◆ WHAT TO WORK ON ◆
Extract each line of the material that follows exactly and omit its pictures.

◆ DATA ◆

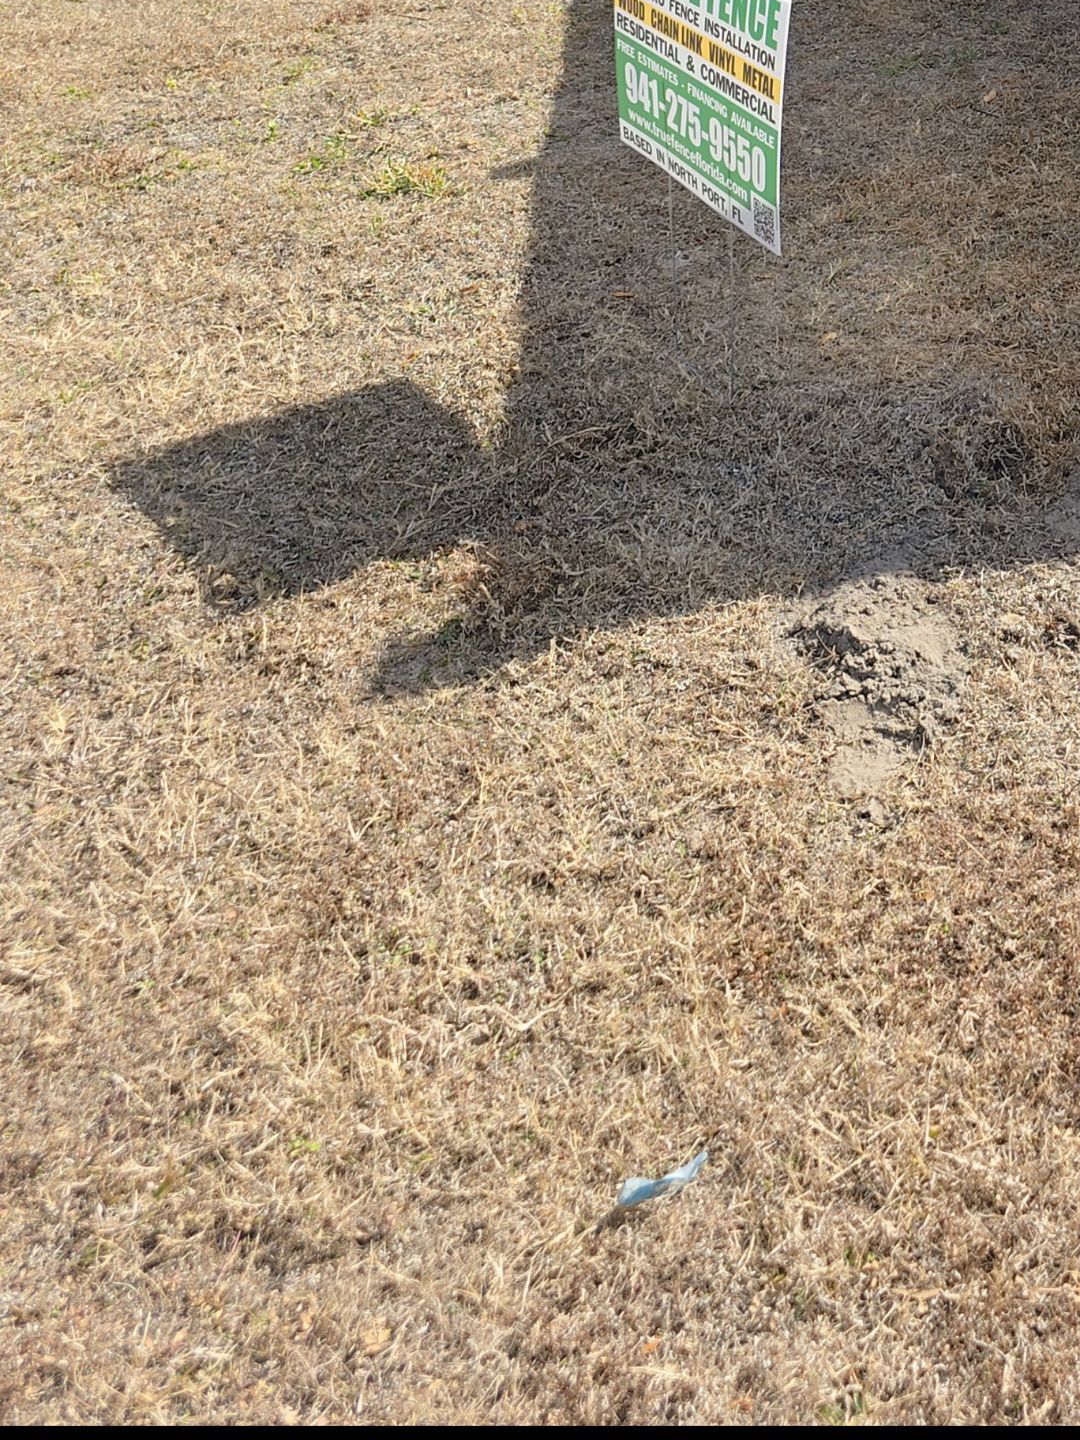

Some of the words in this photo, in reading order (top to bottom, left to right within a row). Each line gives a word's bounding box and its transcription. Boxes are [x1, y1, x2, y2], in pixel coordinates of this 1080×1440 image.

[617, 13, 681, 65] RESIDENTIAL
[686, 55, 695, 73] &
[700, 64, 775, 124] COMMERCIAL
[651, 9, 679, 42] CHAIN
[681, 27, 703, 56] LINK
[709, 42, 736, 76] VINYL
[743, 63, 774, 99] METAL
[704, 17, 775, 71] INSTALLATION
[617, 39, 635, 59] FREE
[638, 52, 679, 86] ESTIMATES
[687, 82, 728, 118] FINANCING
[730, 111, 775, 149] AVAILABLE
[624, 62, 766, 192] 941-275-9550
[623, 126, 652, 155] BASED
[656, 147, 666, 165] IN
[668, 156, 698, 190] NORTH
[702, 182, 728, 215] PORT,
[732, 205, 744, 225] FL
[628, 109, 748, 202] www.truefenceflorida.com

◆ SOLVED PROBLEM ◆
Some of the words in this photo, in reading order (top to bottom, left to right within a row). Each line gives a word's bounding box and its transcription. Boxes are [x1, y1, x2, y2], in pixel coordinates of this 1080×1440 image.

[617, 13, 681, 65] RESIDENTIAL
[686, 55, 695, 73] &
[700, 64, 775, 124] COMMERCIAL
[651, 9, 679, 42] CHAIN
[681, 27, 703, 56] LINK
[709, 42, 736, 76] VINYL
[743, 63, 774, 99] METAL
[704, 17, 775, 71] INSTALLATION
[617, 39, 635, 59] FREE
[638, 52, 679, 86] ESTIMATES
[687, 82, 728, 118] FINANCING
[730, 111, 775, 149] AVAILABLE
[624, 62, 766, 192] 941-275-9550
[623, 126, 652, 155] BASED
[656, 147, 666, 165] IN
[668, 156, 698, 190] NORTH
[702, 182, 728, 215] PORT,
[732, 205, 744, 225] FL
[628, 109, 748, 202] www.truefenceflorida.com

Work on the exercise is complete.